### Entries taken from a collection
BEGIN

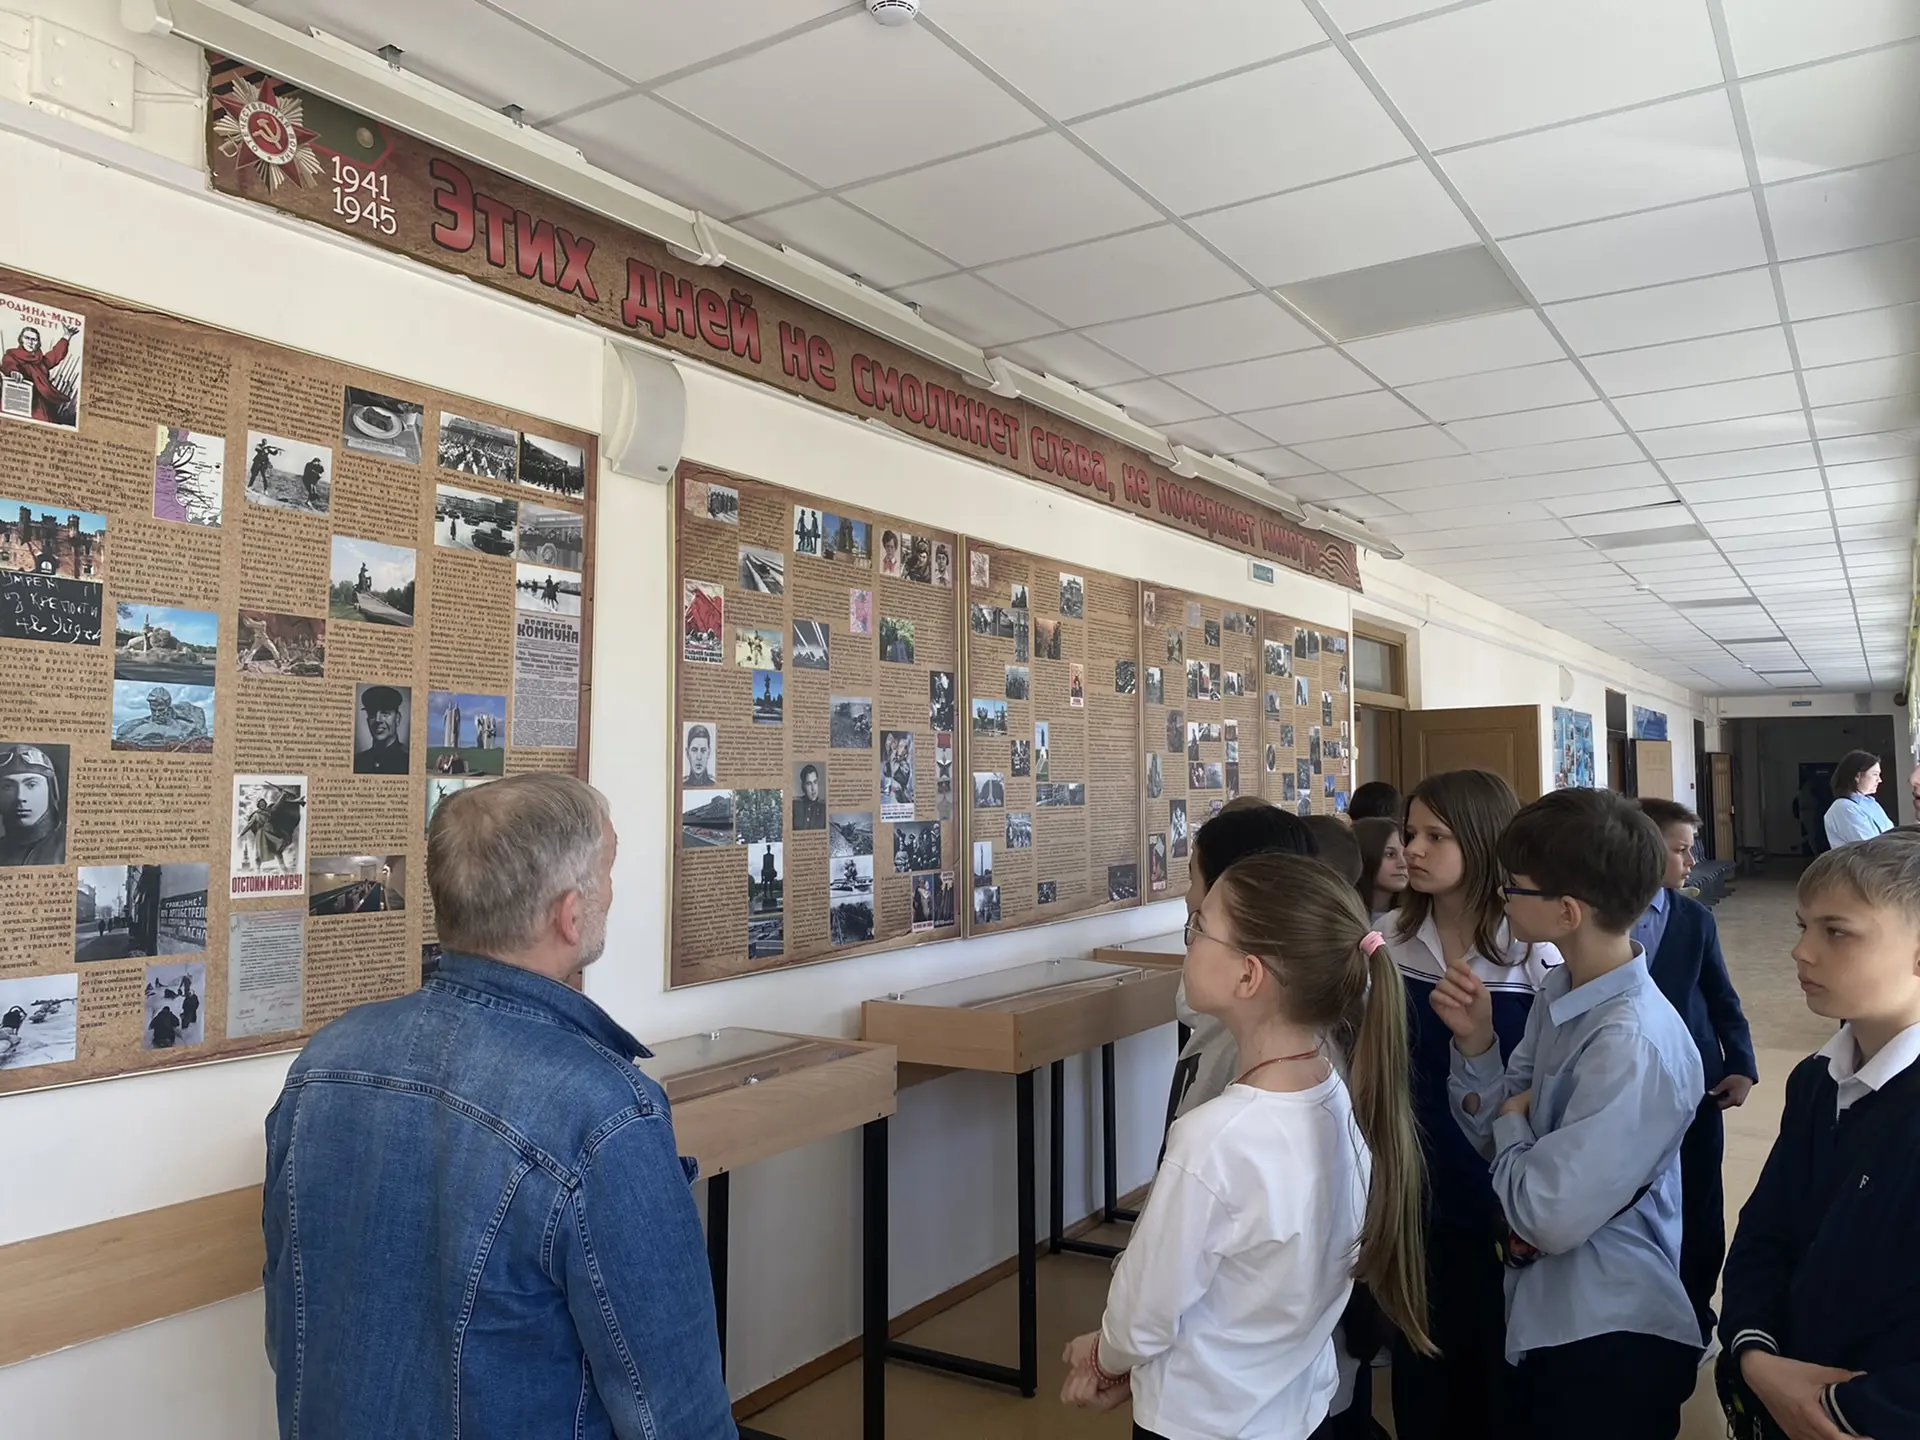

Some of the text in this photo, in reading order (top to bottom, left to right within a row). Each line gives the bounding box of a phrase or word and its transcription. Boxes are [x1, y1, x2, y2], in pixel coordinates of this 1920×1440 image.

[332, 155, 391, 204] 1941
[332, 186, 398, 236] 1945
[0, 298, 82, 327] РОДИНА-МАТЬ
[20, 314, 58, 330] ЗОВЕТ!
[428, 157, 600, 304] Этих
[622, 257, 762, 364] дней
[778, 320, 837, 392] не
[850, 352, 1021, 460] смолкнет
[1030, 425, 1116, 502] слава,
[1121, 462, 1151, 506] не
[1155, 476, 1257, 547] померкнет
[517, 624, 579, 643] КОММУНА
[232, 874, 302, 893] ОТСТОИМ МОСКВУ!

END

Could you repeat every record exactly as written, with the pictures left out?

Some of the text in this photo, in reading order (top to bottom, left to right within a row). Each line gives the bounding box of a phrase or word and its transcription. Boxes are [x1, y1, x2, y2], in pixel coordinates of this 1920×1440 image.

[332, 155, 391, 204] 1941
[332, 186, 398, 236] 1945
[0, 298, 82, 327] РОДИНА-МАТЬ
[20, 314, 58, 330] ЗОВЕТ!
[428, 157, 600, 304] Этих
[622, 257, 762, 364] дней
[778, 320, 837, 392] не
[850, 352, 1021, 460] смолкнет
[1030, 425, 1116, 502] слава,
[1121, 462, 1151, 506] не
[1155, 476, 1257, 547] померкнет
[517, 624, 579, 643] КОММУНА
[232, 874, 302, 893] ОТСТОИМ МОСКВУ!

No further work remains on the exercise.